Monday, May 28, 2007

The Family Tangential [May 29]

Singer asserts that we, the wealthy, the comfortable citizens of the developed world, have taken it for granted for too long that national boundaries carry moral weight, and goes on to develop this argument through a utilitarian discussion of morality that analyzes the belief that we owe care to our countrymen, not to other nations. The argument takes place in two levels, as he says: the intuitive level and the critical level.

On the intuitive level are the instinctive moral behaviors we generally see as being “right” and “wrong,” especially considering immediate duties of obligation and of gratitude. These are usually expressed first towards those with whom we have partial relationships—our relatives, our friends, those with whom we do business or who have done us favors, acquaintances, fellow citizen.

The critical level is the internal dialogue that analyzes whether or not what we have done is actually moral—and in effect how moral we are or are not in our actions and thoughts.

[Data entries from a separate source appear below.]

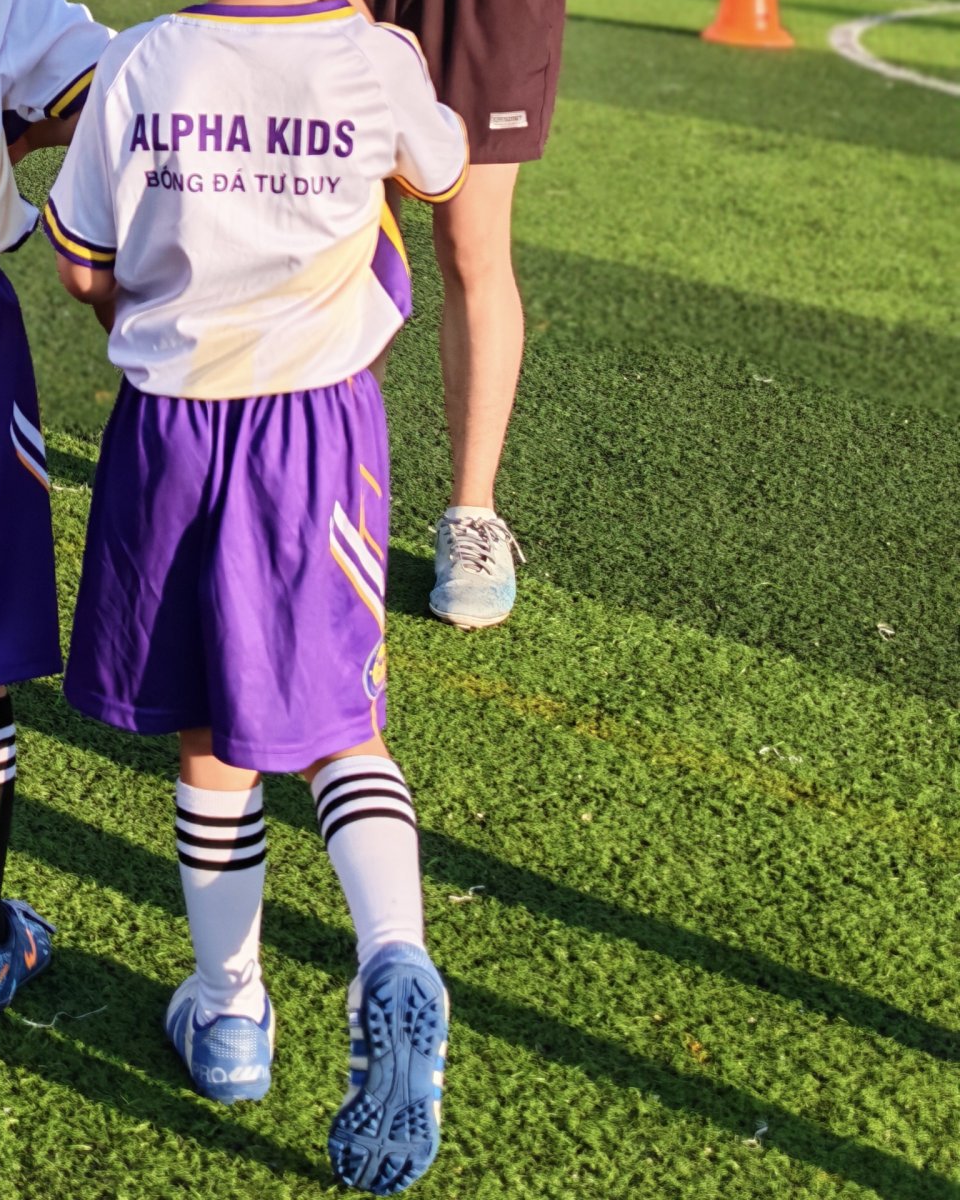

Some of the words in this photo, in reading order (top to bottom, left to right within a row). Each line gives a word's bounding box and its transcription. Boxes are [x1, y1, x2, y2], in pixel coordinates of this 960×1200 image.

[130, 113, 251, 152] ALPHA
[266, 116, 356, 158] KIDS
[144, 166, 203, 193] BÓNG
[212, 168, 246, 193] ĐÁ
[254, 173, 287, 194] TƯ
[294, 175, 341, 196] DUY
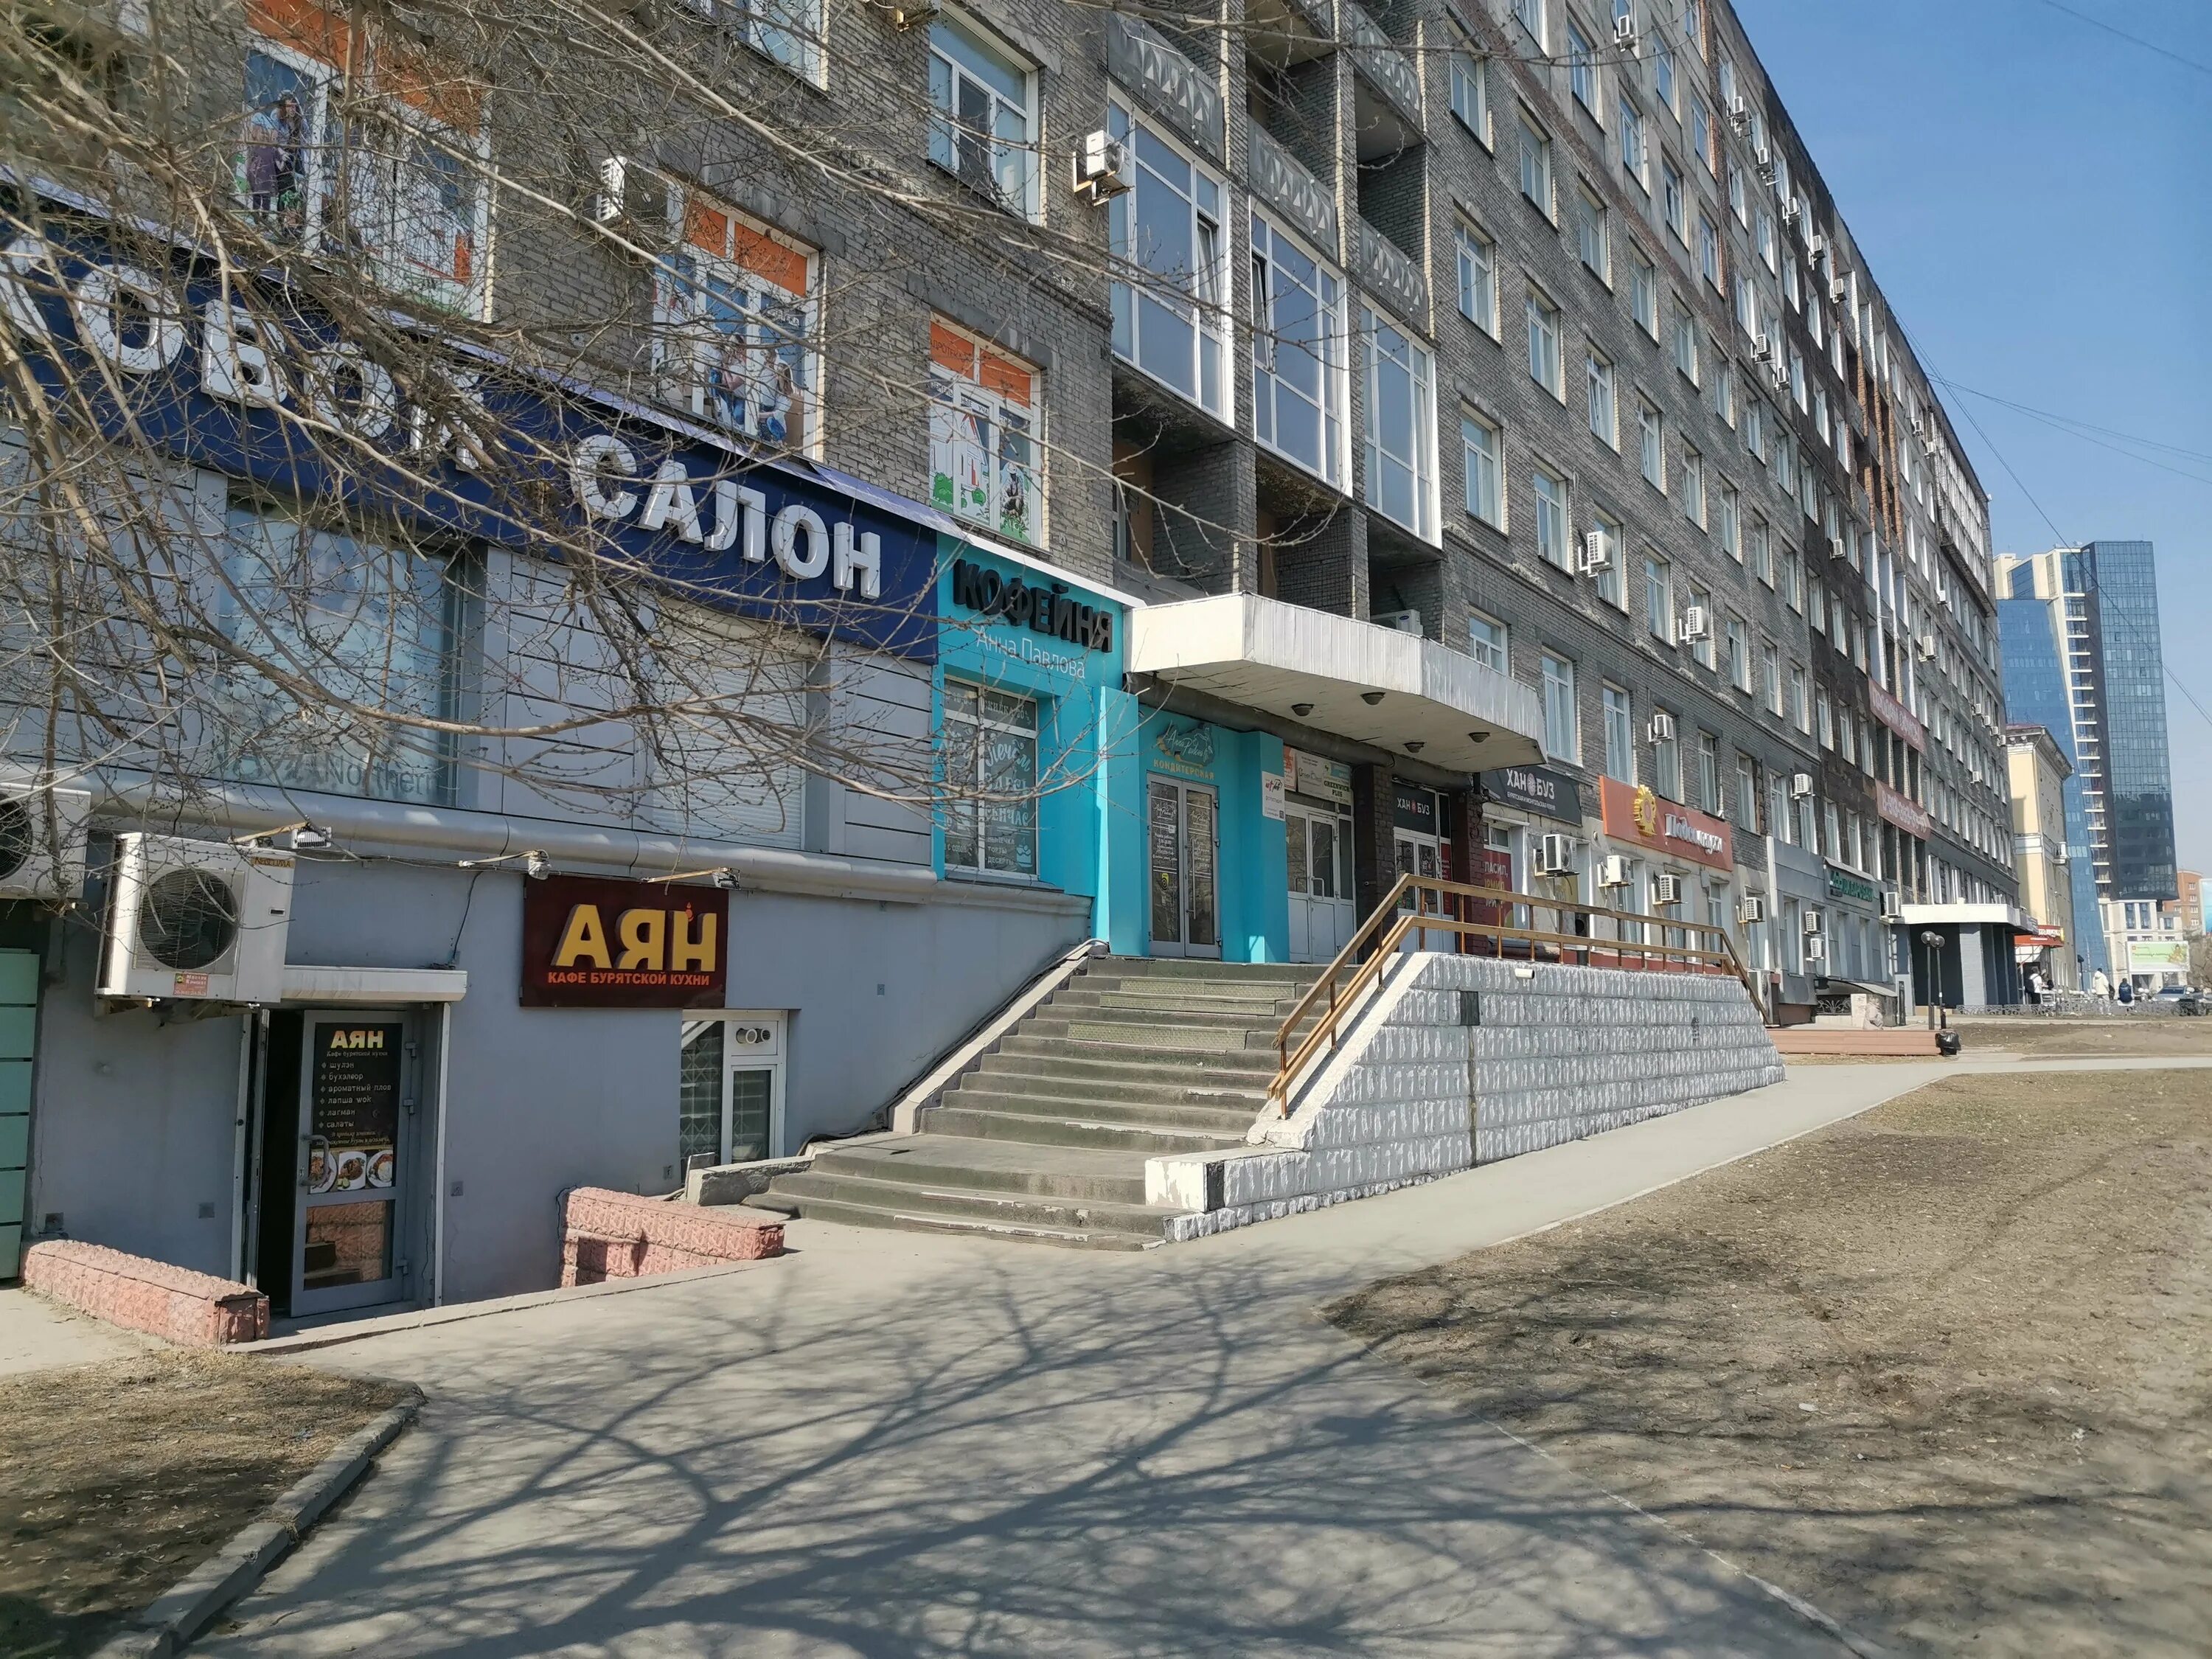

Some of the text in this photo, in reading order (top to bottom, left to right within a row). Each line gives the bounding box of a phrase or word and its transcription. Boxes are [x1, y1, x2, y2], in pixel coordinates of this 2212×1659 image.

[570, 434, 882, 599] САЛОН
[953, 558, 1113, 653] КОФЕЙНЯ
[976, 626, 1085, 679] Анна Павлова
[1153, 758, 1215, 781] КОНДИТЕРСКАЯ
[1506, 768, 1555, 800] ХАН БУЗ
[1332, 790, 1343, 798] PLUS
[1397, 796, 1430, 815] ХАН БУЗ
[551, 902, 717, 973] АЯН
[548, 970, 710, 986] КАФЕ БУРЯТСКОЙ КУХНИ
[330, 1030, 384, 1048] АЯН
[330, 1062, 355, 1071] шулэн
[328, 1084, 372, 1093] ароматный
[356, 1095, 372, 1104] wok
[327, 1108, 356, 1116] лагман
[326, 1120, 355, 1129] салаты

The first level is important, but to paraphrase, it’s in essence a thought too short. In day to day interactions, it’s fine—more than fine. In your relations with family and friends, you expect to be partial—not even that. It’s a reality that one is partial to her intimates, and it’s rarely spoken of except when taken to extremes (nepotism, Wolfowitz).

But the extreme case presents a good example: society in general expects a distinct level of partiality regarding friends and relatives, after which point any more special consideration is considered immoral, unfair, and generally incites jealousy and unrest. This is one of the reasons why members of the armed services can’t have relationships with people higher or lower in their chain of command (and ideally don’t have relationships with equals in that same chain of command), why promoting a relative or close friend in a corporation is frowned upon by others, and why companies who throw public contests/sweepstakes don’t allow employees or their relatives to participate.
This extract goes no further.